Your assignment:
An exact copy of the records is required, minus the pictures they hold.
[Data provided]
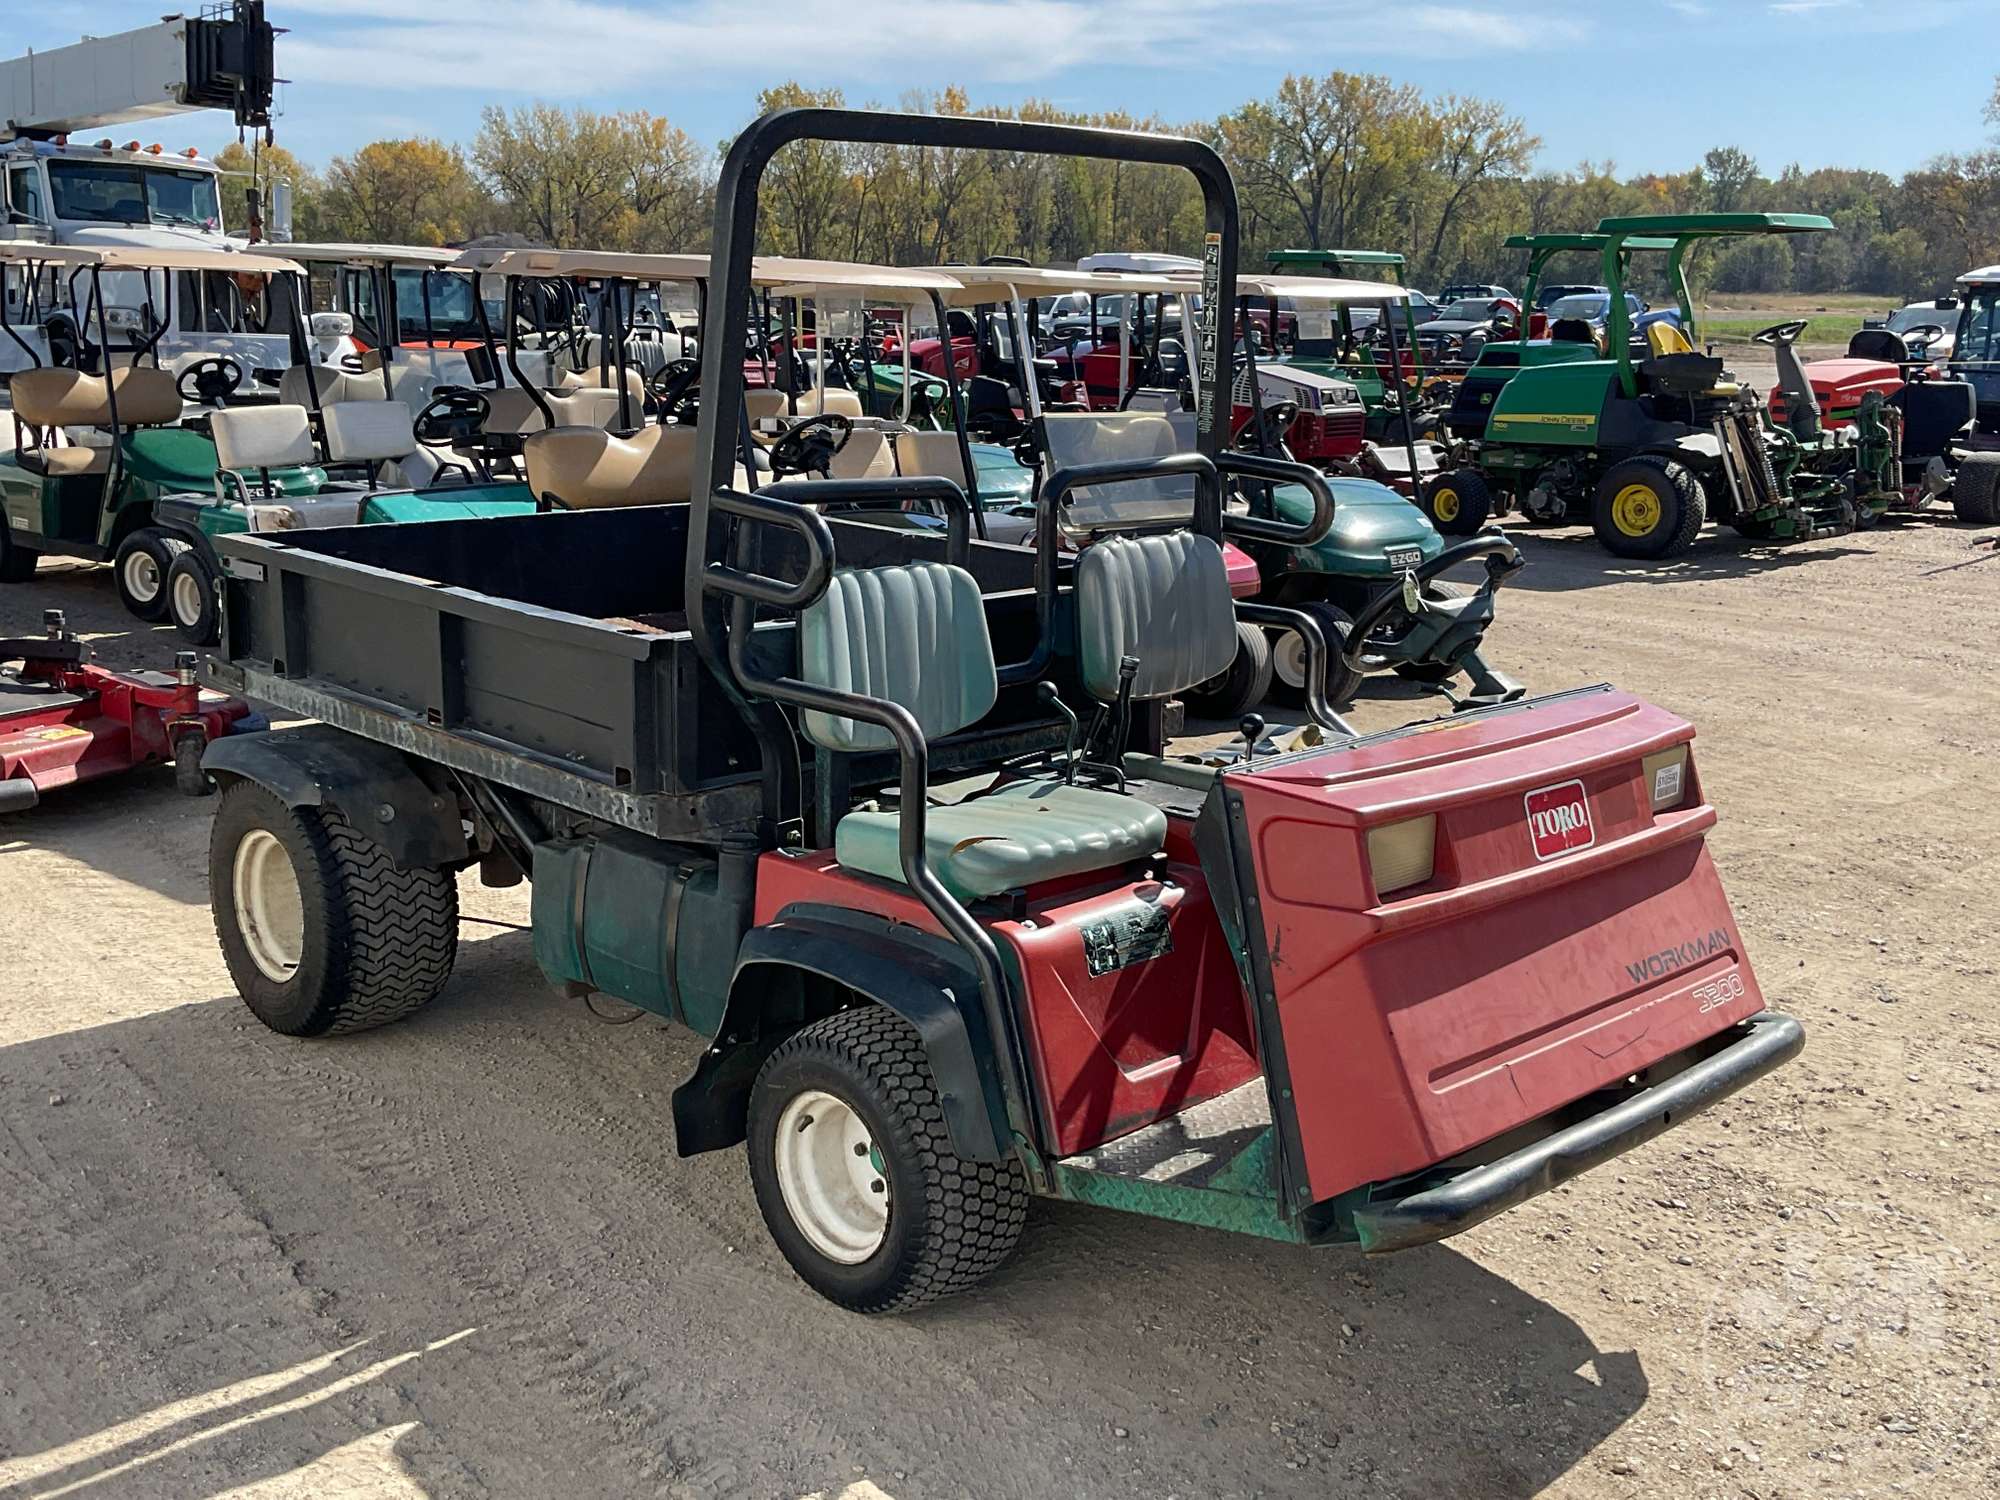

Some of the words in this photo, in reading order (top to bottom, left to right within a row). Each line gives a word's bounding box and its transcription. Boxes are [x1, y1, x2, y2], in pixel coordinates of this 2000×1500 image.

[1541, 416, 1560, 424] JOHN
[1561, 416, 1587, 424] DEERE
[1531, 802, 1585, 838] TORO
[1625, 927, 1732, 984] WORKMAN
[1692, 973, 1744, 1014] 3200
[/Data provided]
The answer:
Some of the words in this photo, in reading order (top to bottom, left to right within a row). Each line gives a word's bounding box and its transcription. Boxes are [x1, y1, x2, y2], in pixel coordinates of this 2000×1500 image.

[1541, 416, 1560, 424] JOHN
[1561, 416, 1587, 424] DEERE
[1531, 802, 1585, 838] TORO
[1625, 927, 1732, 984] WORKMAN
[1692, 973, 1744, 1014] 3200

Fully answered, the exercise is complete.